Task description: The copy has to match the records word for word and include no pictures.

Records:
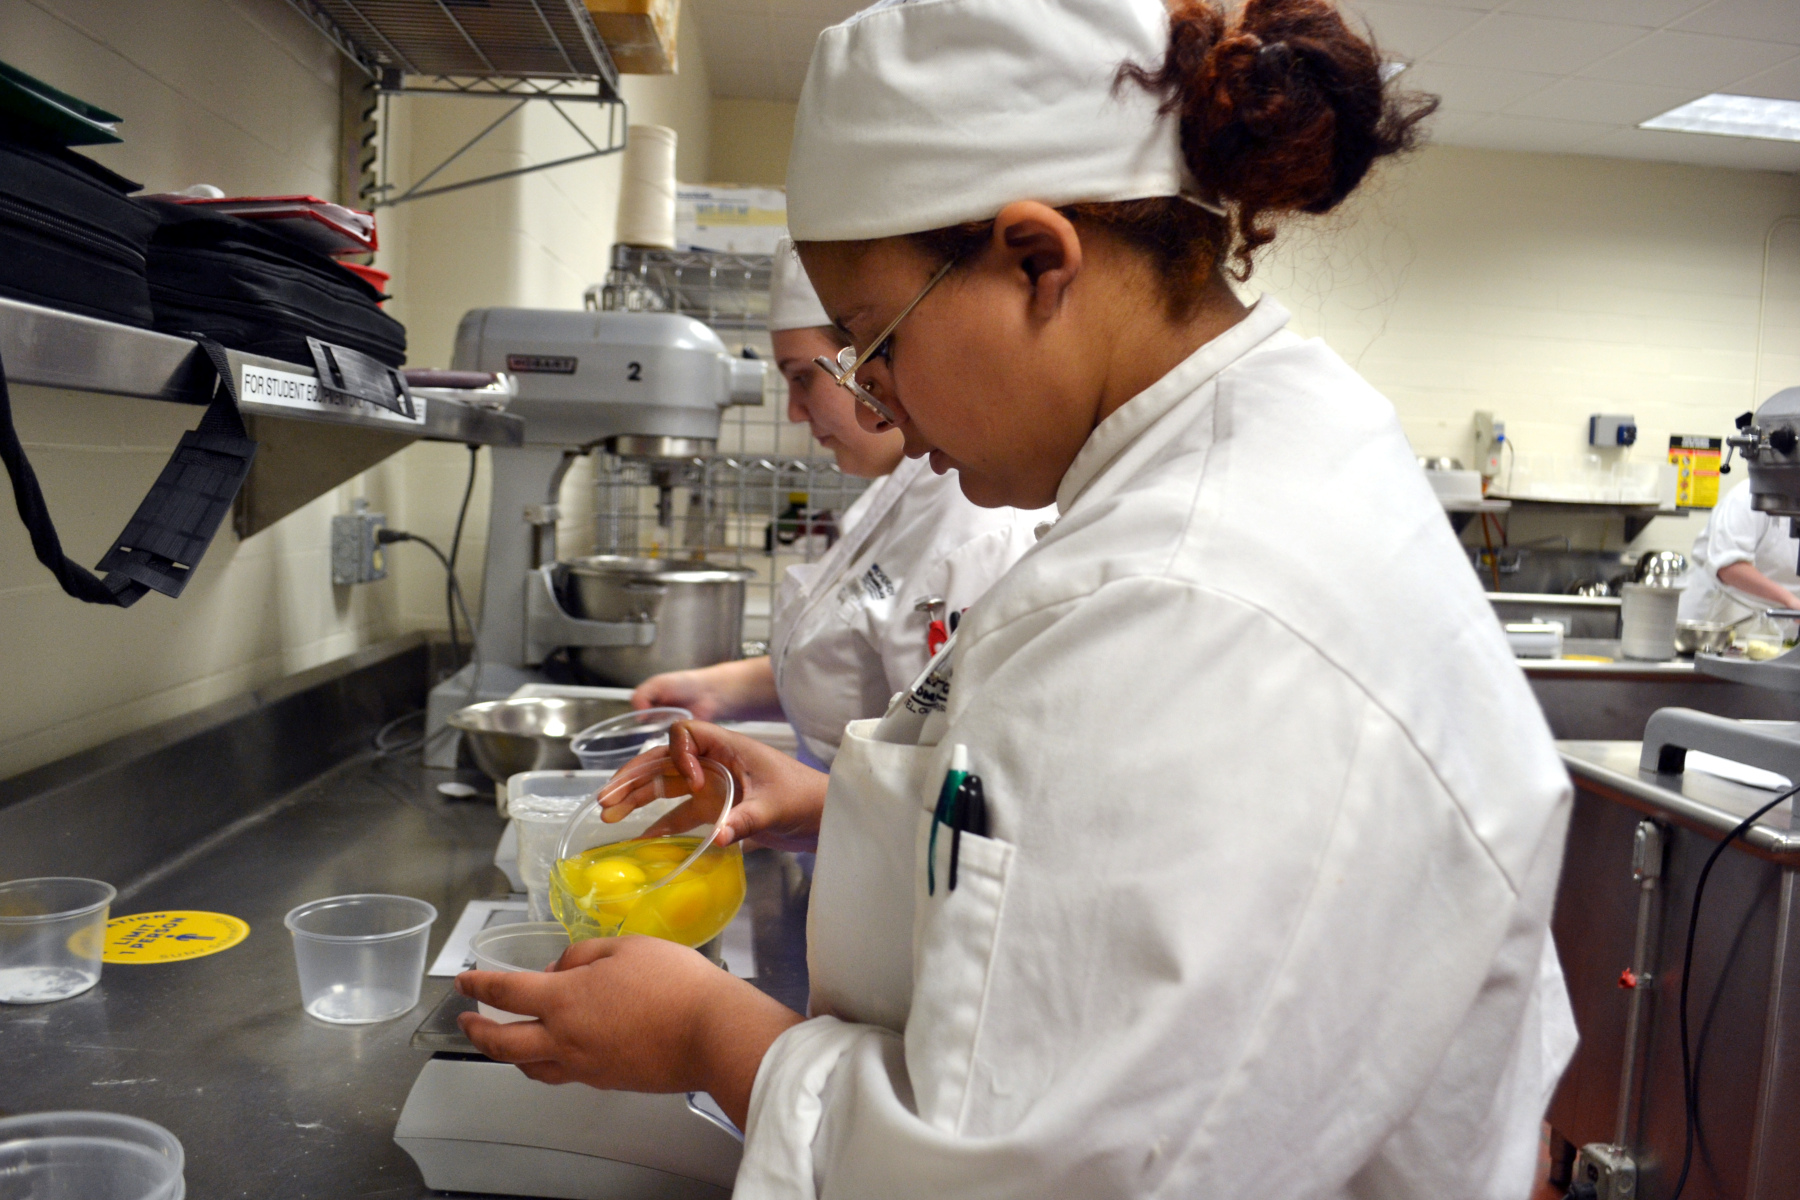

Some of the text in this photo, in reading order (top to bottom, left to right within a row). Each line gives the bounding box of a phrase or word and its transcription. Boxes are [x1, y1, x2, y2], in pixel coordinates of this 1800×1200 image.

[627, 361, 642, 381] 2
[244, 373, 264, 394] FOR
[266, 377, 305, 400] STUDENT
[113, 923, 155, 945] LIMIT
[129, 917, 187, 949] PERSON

Result:
Some of the text in this photo, in reading order (top to bottom, left to right within a row). Each line gives the bounding box of a phrase or word and its transcription. Boxes are [x1, y1, x2, y2], in pixel coordinates of this 1800×1200 image.

[627, 361, 642, 381] 2
[244, 373, 264, 394] FOR
[266, 377, 305, 400] STUDENT
[113, 923, 155, 945] LIMIT
[129, 917, 187, 949] PERSON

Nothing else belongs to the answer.